County Planning Manager Steve Gray said a major part of the study is to glean a “better understanding of how the bluffs are regressing — the amount of sediment coming off the bluffs that feed into the Elwha drift cell and also the Dungeness drift cell.”
A drift cell is the area where sediment transport occurs.
“Another key component of the project will be an economic valuation of the natural infrastructure out there,” Gray added.
“This will certainly answer some of the questions we’ve received from the community.”
One example of such questions is, he said: “Why is it important, at least in terms of those bluffs?”
Images of bluffs
State Department of Ecology officials will take light detection and ranging, or LIDAR, images of the bluffs from a boat, Gray said.
The state Department of Natural Resources will use that information to survey bluff regression.
“The scientists will get together and figure out, based on all the information that’s out there, a better understanding of bluff regression, a better understanding of how much volume’s coming off those bluffs and where that sediment is going and what that sediment is good for,” Gray said.

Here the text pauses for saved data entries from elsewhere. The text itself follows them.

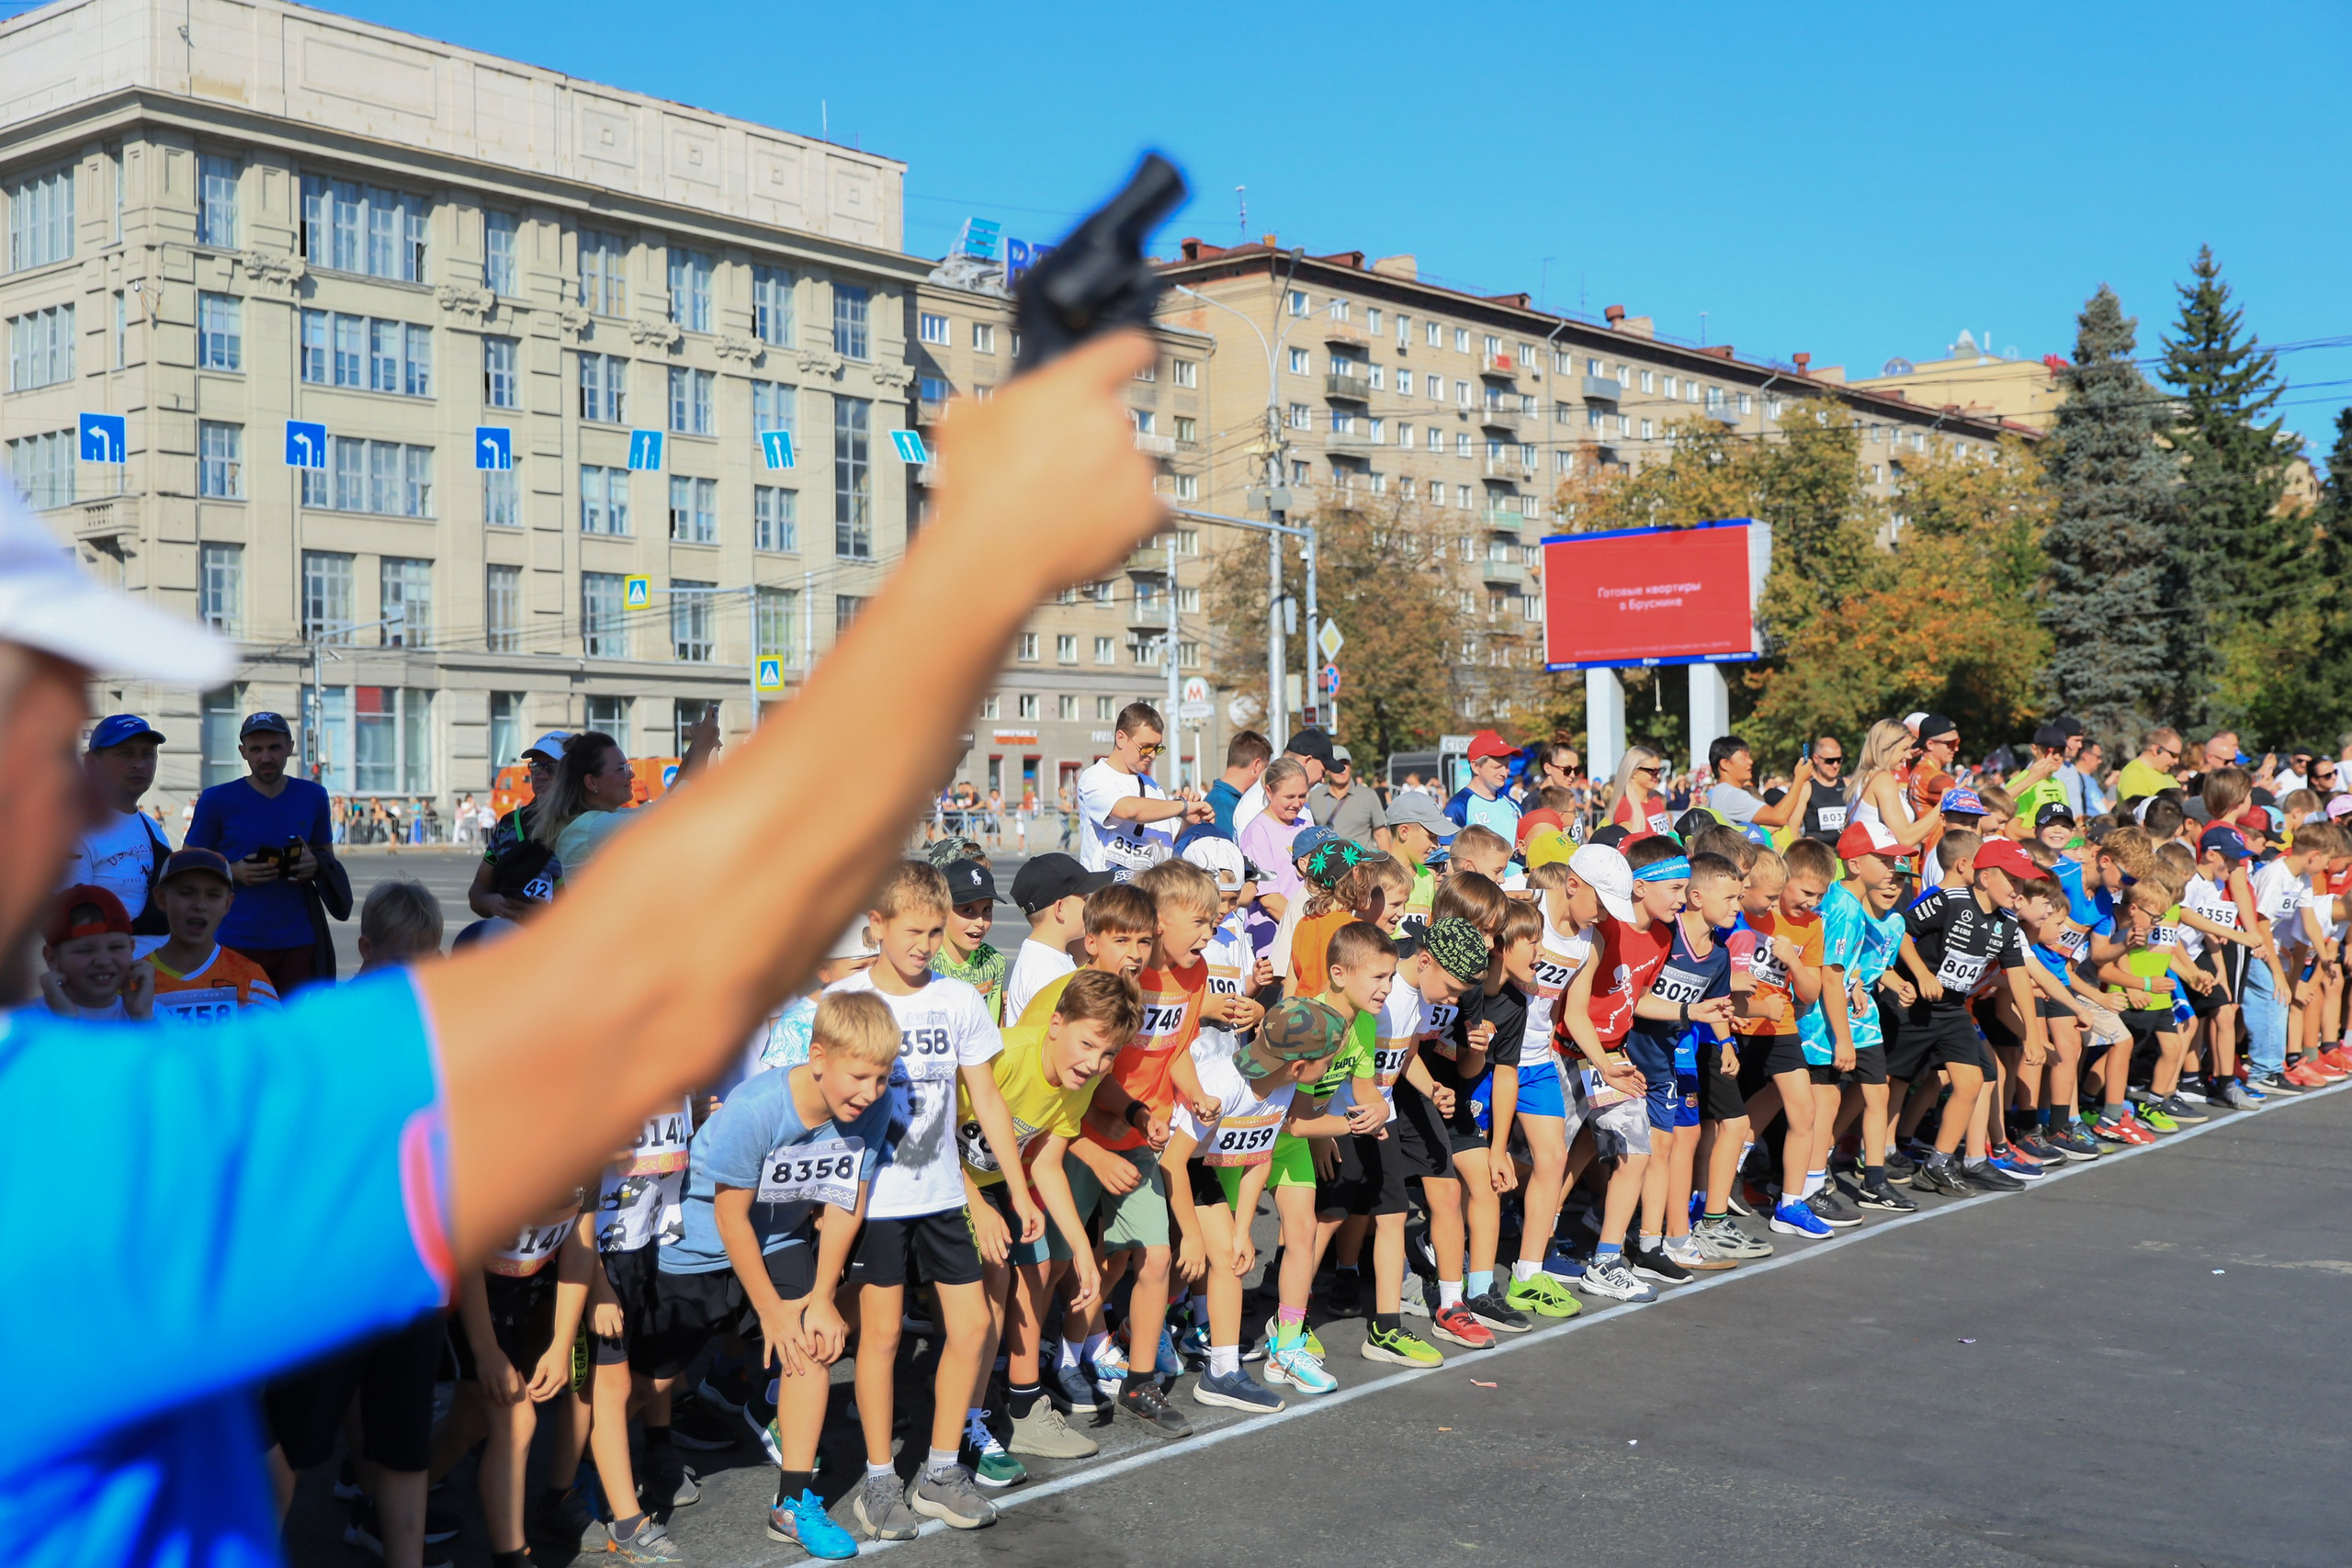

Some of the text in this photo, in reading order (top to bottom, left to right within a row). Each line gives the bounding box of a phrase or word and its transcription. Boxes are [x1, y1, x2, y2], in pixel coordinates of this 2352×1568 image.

[1598, 582, 1702, 599] Готовые квартиры
[1187, 684, 1204, 702] М
[1114, 836, 1154, 858] 8354
[2198, 907, 2233, 923] 8355
[1219, 1127, 1273, 1150] 8159
[772, 1155, 854, 1183] 8358
[575, 1340, 586, 1370] GAME

The EPA grant runs through December 2013.
Community Development Director Sheila Roark Miller said some of the data may be useful in the Shoreline Master Program update, “but it’s going to be something that goes on beyond that Shoreline Master Program update to try to get some kind of assessment of what the bluffs actually look like at this point in time.”
Series of meetings
The Coastal Watershed Institute will lead — with multiple partners, including Clallam County, participating — a series of public forums, symposiums and workshops.
“In a way, it’s good for property owners to know the dynamics, the functions of the bluff, what’s going on in there — either owning property or finding some property,” Commissioner Mike Doherty said.
“That’s what this will do, to get more scientific information on what’s happening with the bluffs.”
The next public workshop has not been scheduled.
The economic study will be performed by Earth Economics.
Economic valuation
A preliminary ecosystem economic valuation should be available within the next month or two, Gray said.
Commissioner Jim McEntire asked for a staff report on the preliminary economic analysis.
“I am a skeptic, to put it mildly, on ecosystem services valuation,” McEntire said.
“It’s all about how you make the assumptions, and those can get really squirrelly.”
Commissioner Mike Chapman thanked Roark Miller for her work on the state-mandated task.